Image-backed grounding data:
────
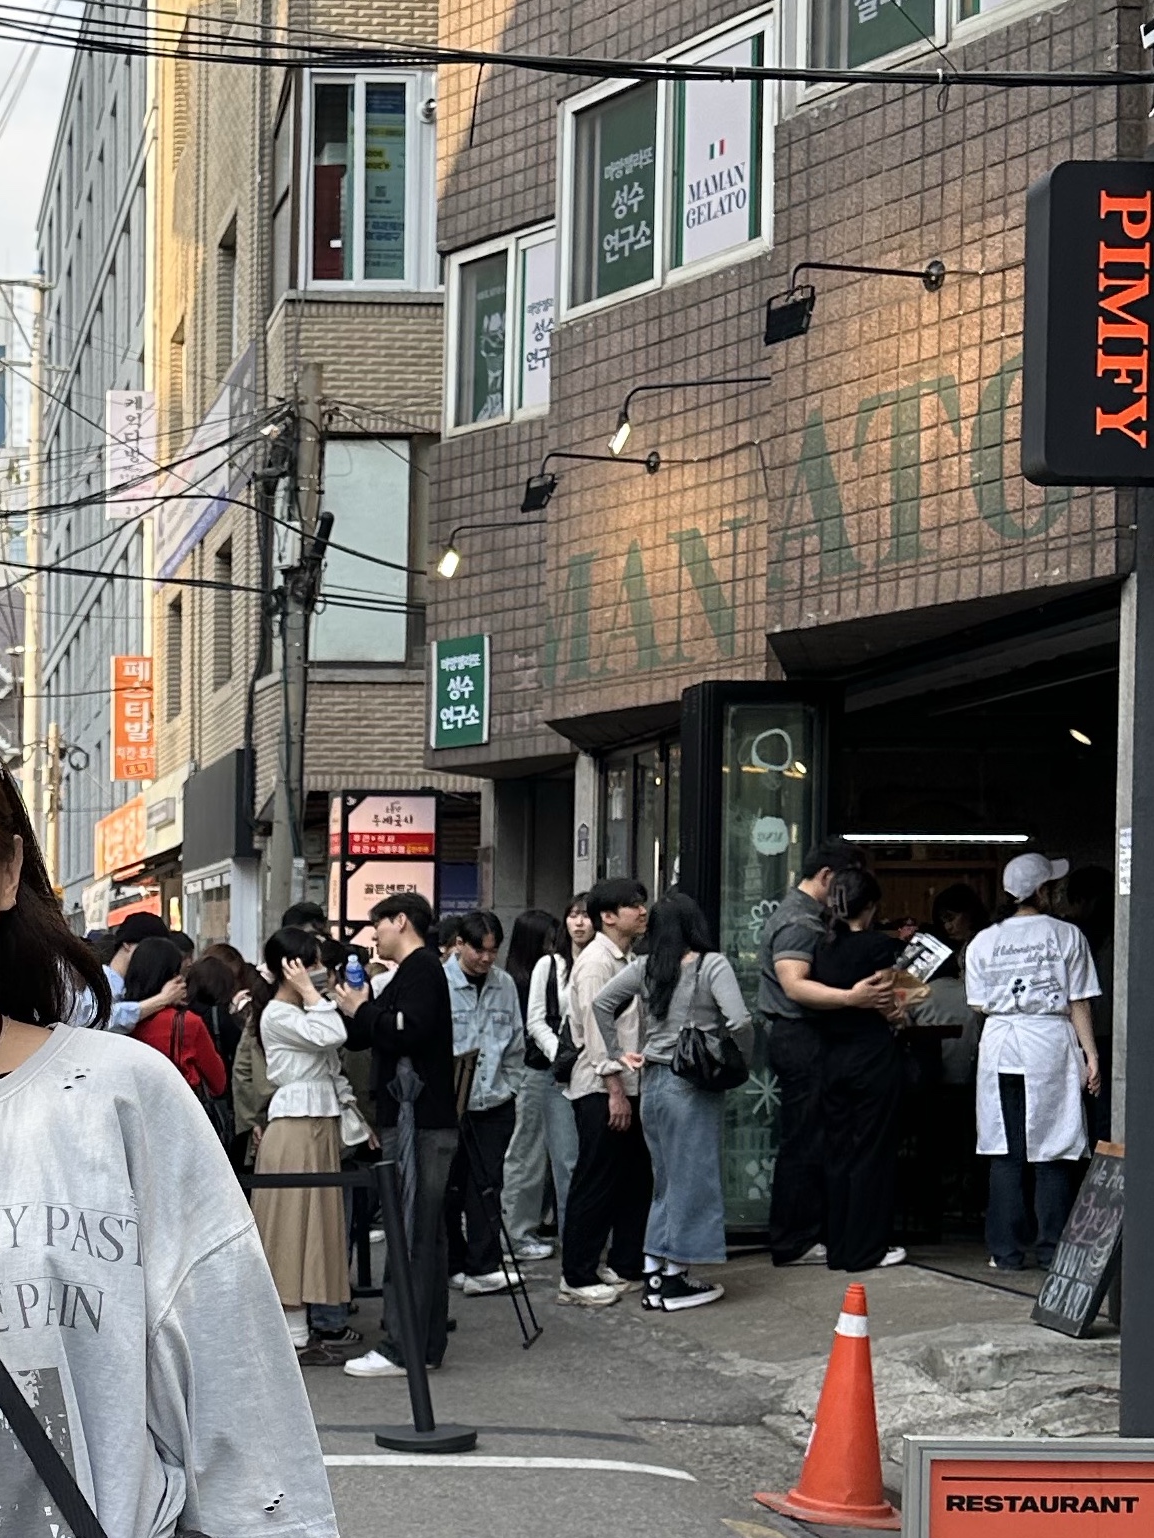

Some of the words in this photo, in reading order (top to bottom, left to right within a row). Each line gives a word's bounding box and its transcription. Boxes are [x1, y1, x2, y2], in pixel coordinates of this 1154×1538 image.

[611, 182, 645, 220] 성수
[687, 162, 746, 206] MAMAN
[685, 188, 747, 230] GELATO
[603, 220, 652, 263] 연구소
[1096, 189, 1152, 449] PIMFY
[122, 661, 152, 742] 페스티발
[446, 675, 475, 700] 성수
[439, 704, 480, 730] 연구소
[44, 1205, 143, 1267] PAST
[946, 1494, 1140, 1514] RESTAURANT
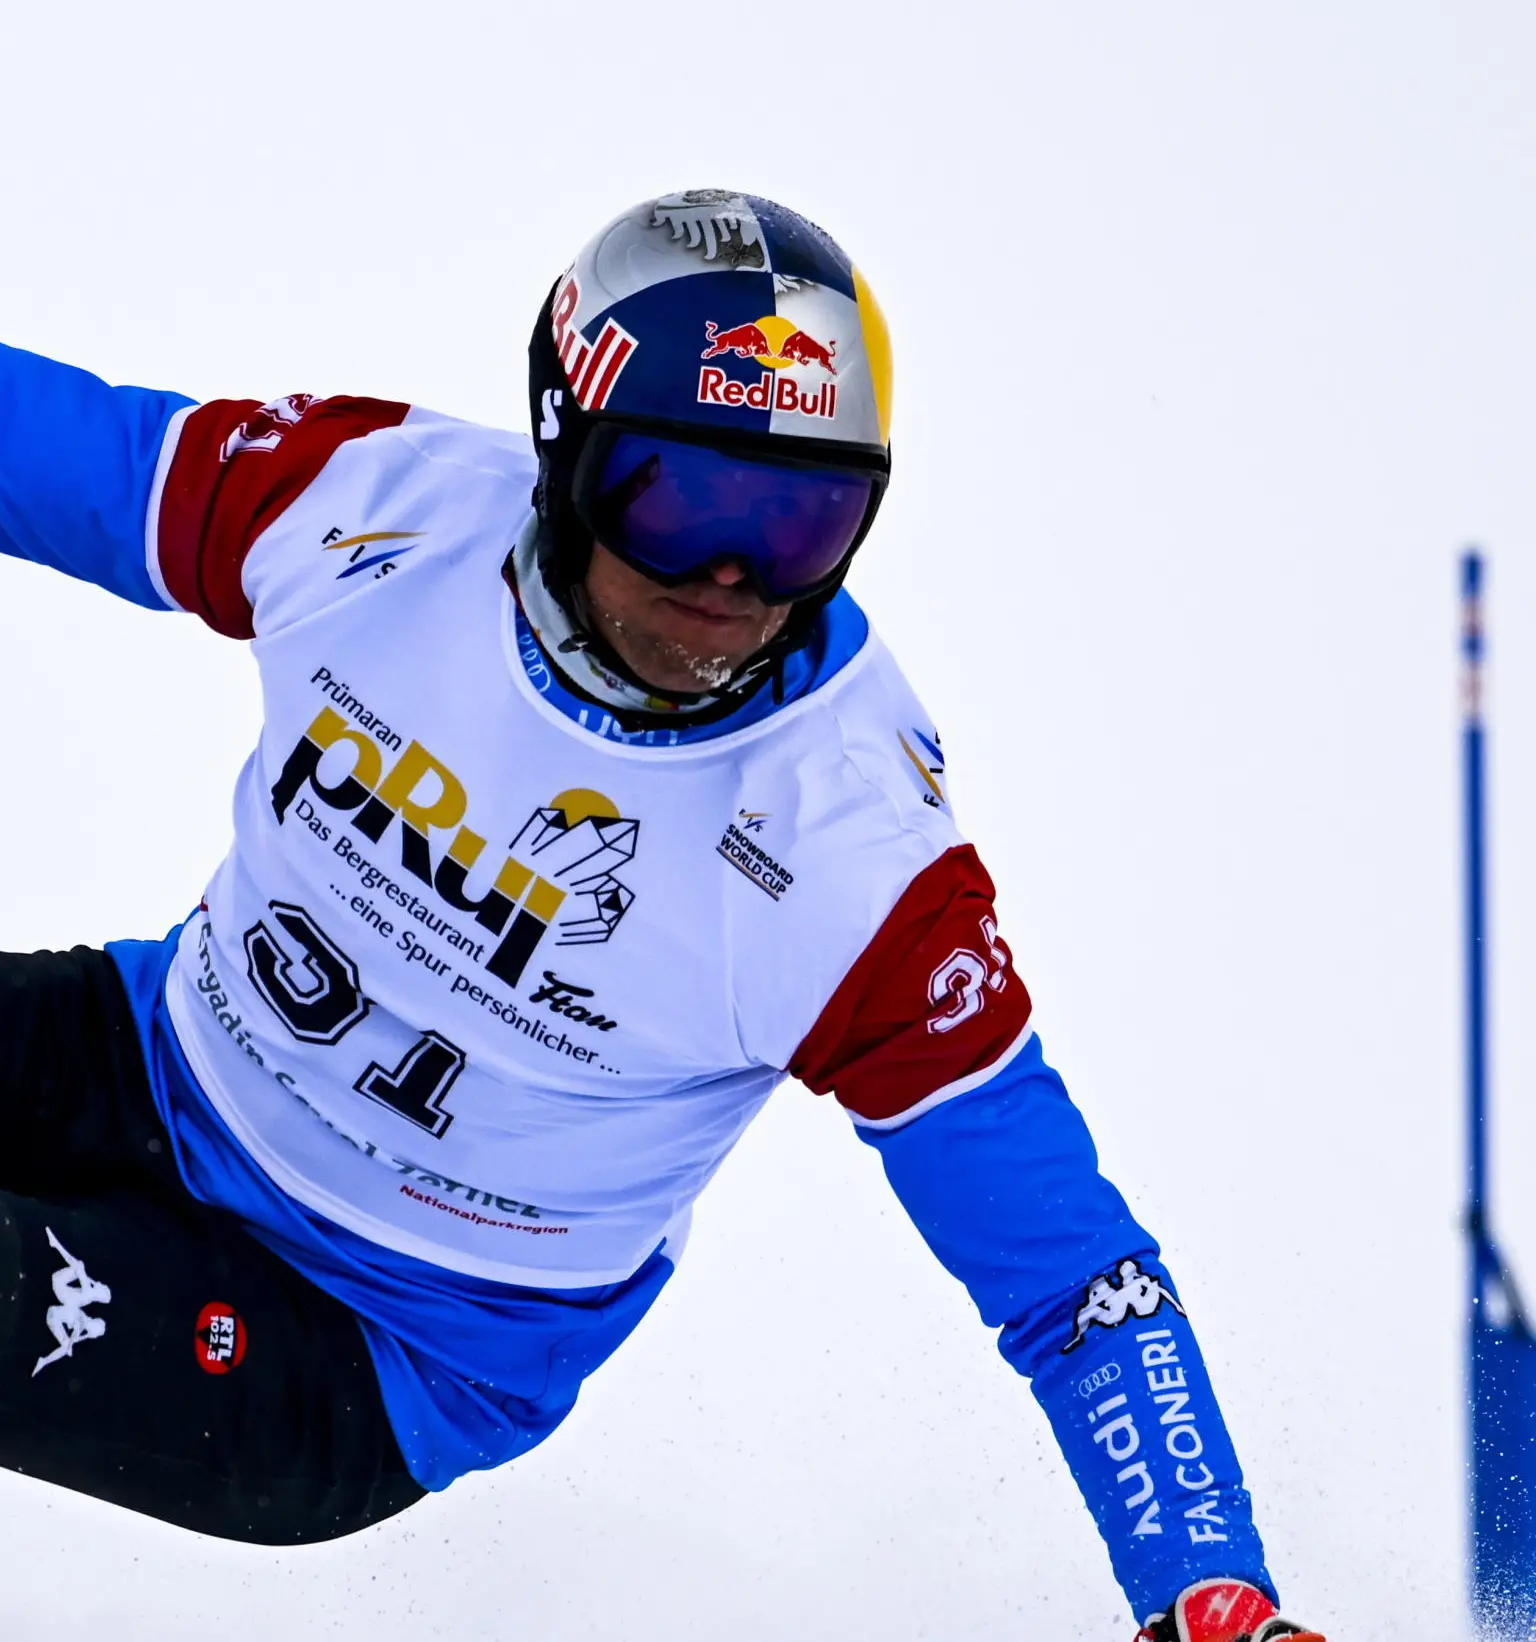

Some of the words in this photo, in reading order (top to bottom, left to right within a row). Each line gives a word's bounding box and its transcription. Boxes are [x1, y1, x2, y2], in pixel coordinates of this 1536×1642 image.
────
EXERCISE DESCRIPTION: Omit all pictures while transcribing the entries verbatim.

RESPONSE AREA:
Some of the words in this photo, in reading order (top to bottom, left to right within a row). Each line gives a word's bounding box and its transcription. Boxes are [x1, y1, x2, y2], in pixel coordinates of this 1154×1538 image.

[611, 182, 645, 220] 성수
[687, 162, 746, 206] MAMAN
[685, 188, 747, 230] GELATO
[603, 220, 652, 263] 연구소
[1096, 189, 1152, 449] PIMFY
[122, 661, 152, 742] 페스티발
[446, 675, 475, 700] 성수
[439, 704, 480, 730] 연구소
[44, 1205, 143, 1267] PAST
[946, 1494, 1140, 1514] RESTAURANT

Some of the words in this photo, in reading order (top to bottom, left to right within a row). Each line gives a word's bounding box and its transcription. Boxes are [x1, y1, x2, y2], in pixel coordinates of this 1536×1642 image.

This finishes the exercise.